──────── SUPPLIED MATERIAL ────────

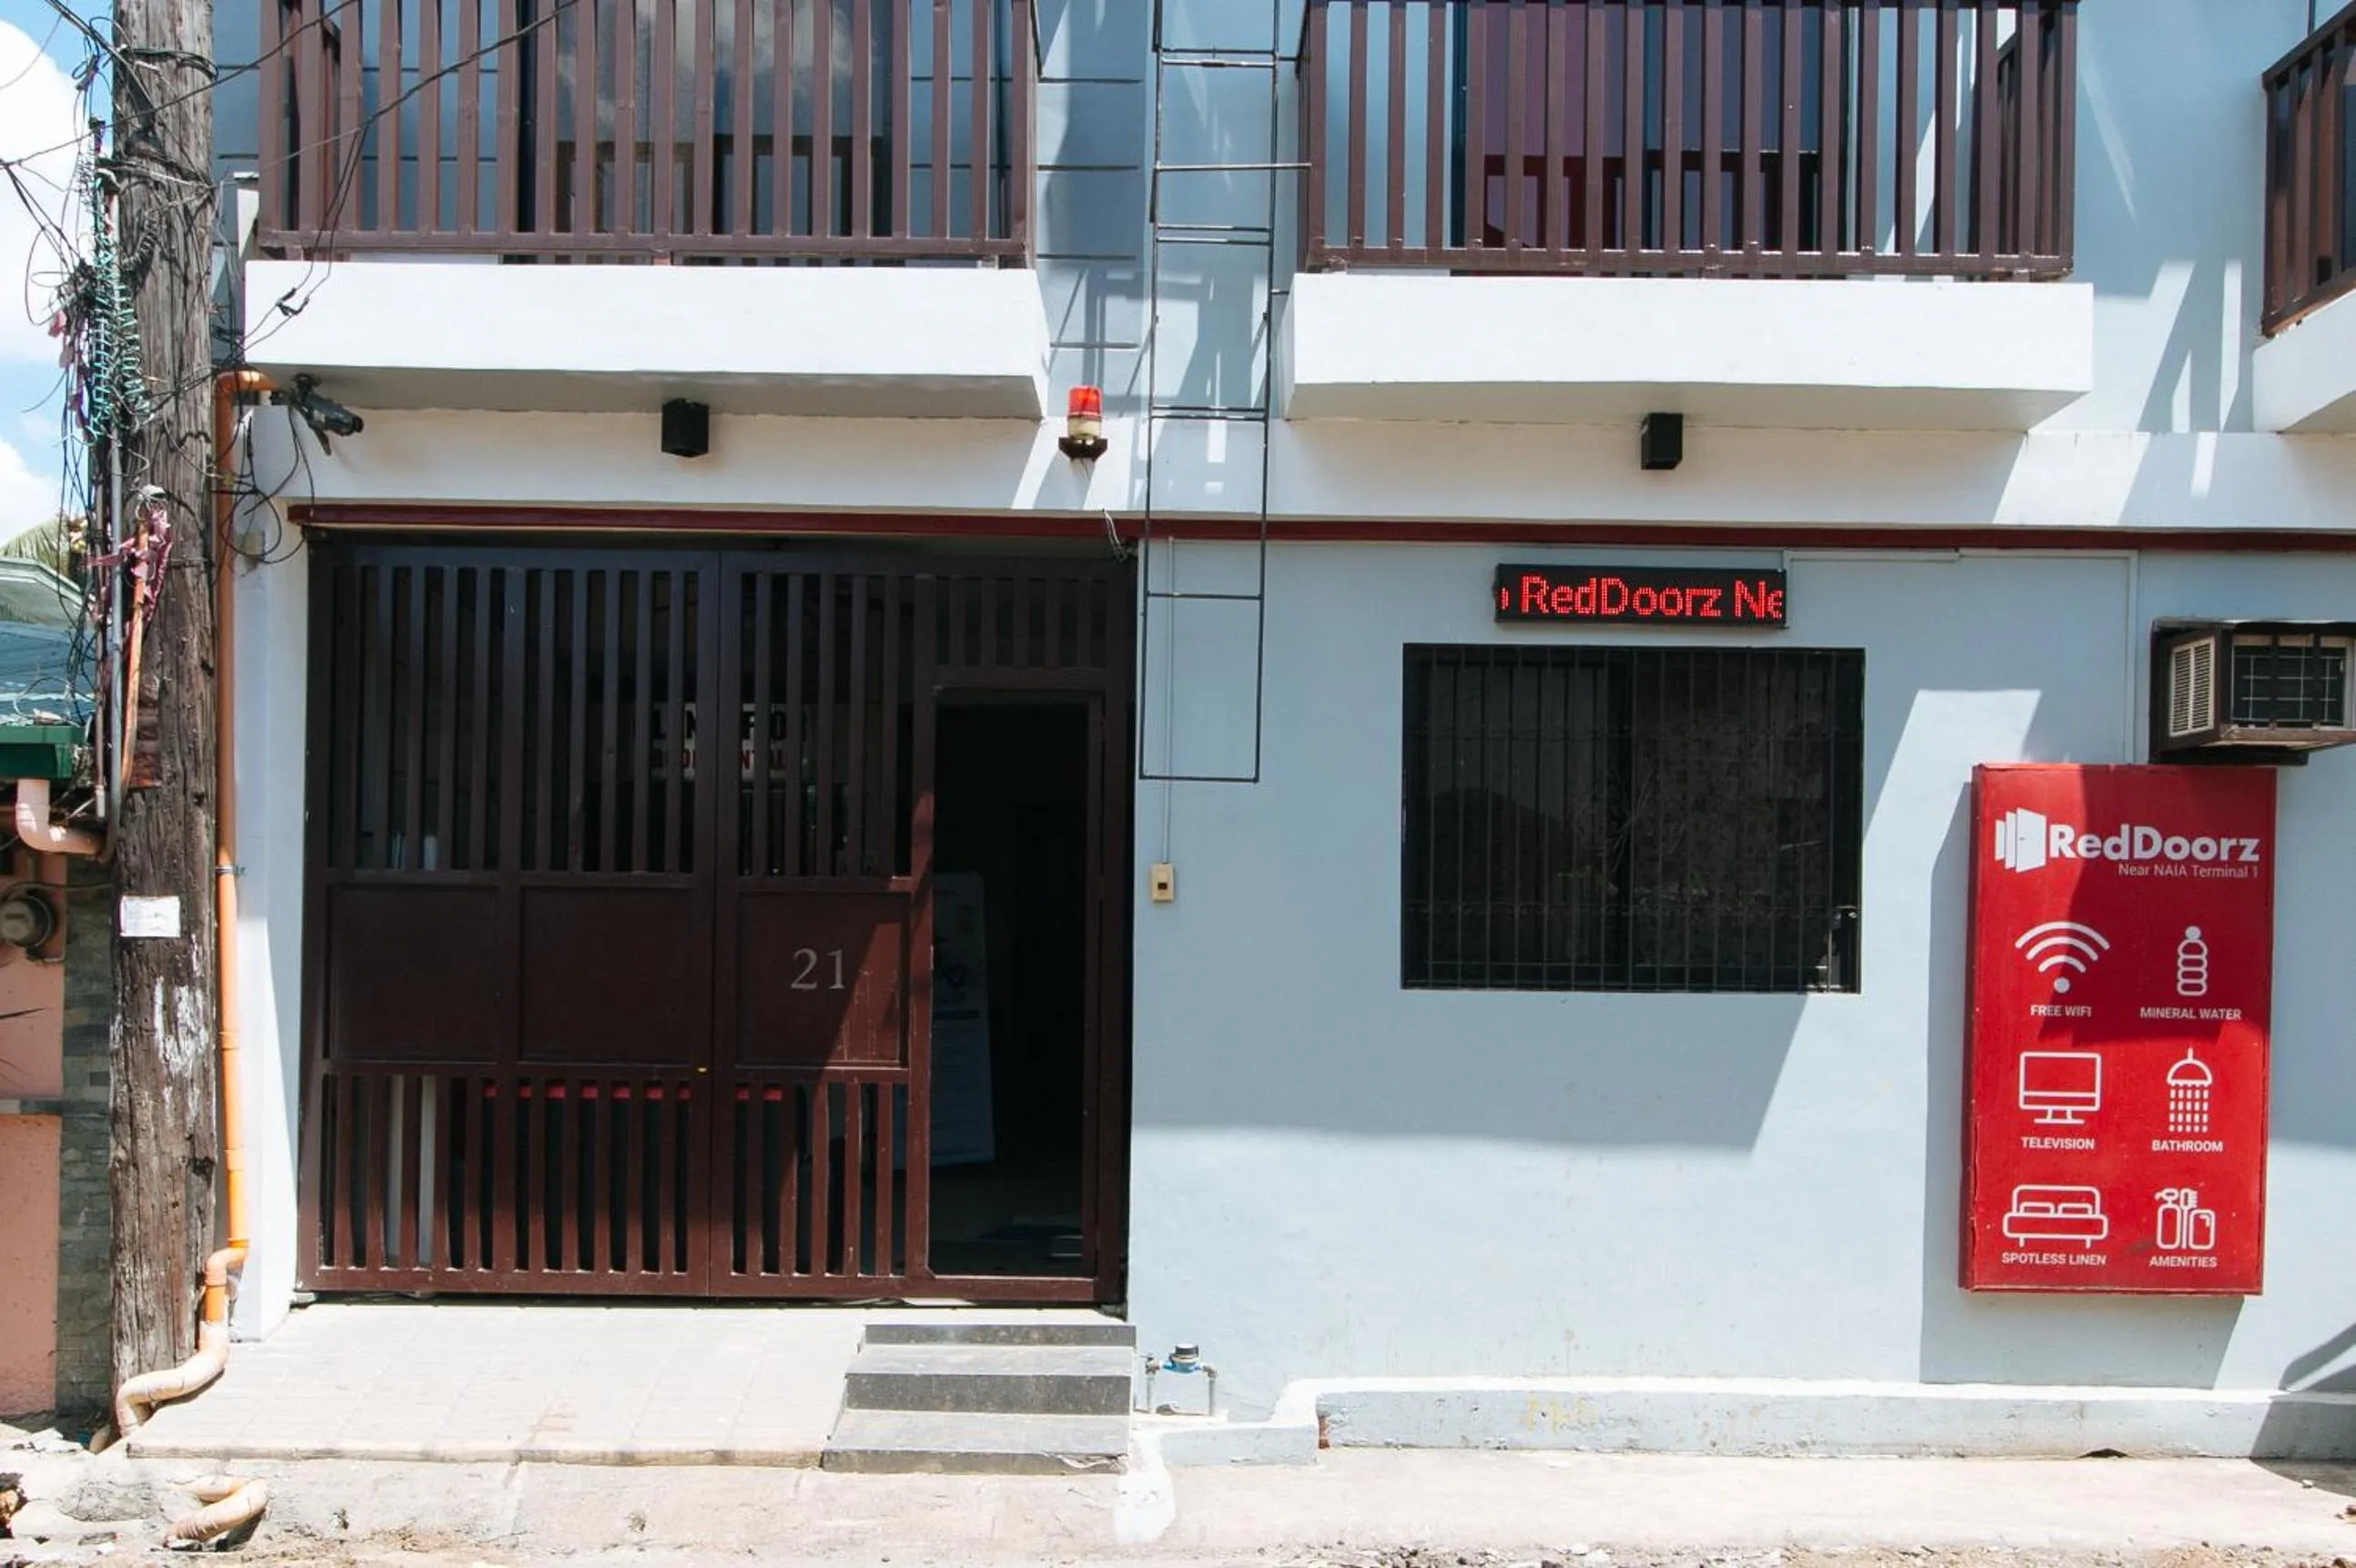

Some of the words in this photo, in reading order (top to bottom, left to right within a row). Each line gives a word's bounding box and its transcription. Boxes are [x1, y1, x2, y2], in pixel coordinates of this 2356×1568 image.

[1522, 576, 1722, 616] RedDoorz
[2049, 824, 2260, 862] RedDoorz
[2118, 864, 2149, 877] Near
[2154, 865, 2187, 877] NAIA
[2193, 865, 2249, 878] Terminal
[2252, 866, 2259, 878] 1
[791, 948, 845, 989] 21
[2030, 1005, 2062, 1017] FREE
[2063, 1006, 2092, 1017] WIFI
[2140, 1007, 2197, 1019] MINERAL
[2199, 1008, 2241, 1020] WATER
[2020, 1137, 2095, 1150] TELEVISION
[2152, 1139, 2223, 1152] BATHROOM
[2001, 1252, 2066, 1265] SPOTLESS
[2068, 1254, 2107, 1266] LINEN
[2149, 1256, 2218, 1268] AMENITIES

────────

- **WHAT TO DO**
None of the pictures should be copied, but every record above must be returned exactly.

- **ANSWER BELOW**
Some of the words in this photo, in reading order (top to bottom, left to right within a row). Each line gives a word's bounding box and its transcription. Boxes are [x1, y1, x2, y2], in pixel coordinates of this 2356×1568 image.

[1522, 576, 1722, 616] RedDoorz
[2049, 824, 2260, 862] RedDoorz
[2118, 864, 2149, 877] Near
[2154, 865, 2187, 877] NAIA
[2193, 865, 2249, 878] Terminal
[2252, 866, 2259, 878] 1
[791, 948, 845, 989] 21
[2030, 1005, 2062, 1017] FREE
[2063, 1006, 2092, 1017] WIFI
[2140, 1007, 2197, 1019] MINERAL
[2199, 1008, 2241, 1020] WATER
[2020, 1137, 2095, 1150] TELEVISION
[2152, 1139, 2223, 1152] BATHROOM
[2001, 1252, 2066, 1265] SPOTLESS
[2068, 1254, 2107, 1266] LINEN
[2149, 1256, 2218, 1268] AMENITIES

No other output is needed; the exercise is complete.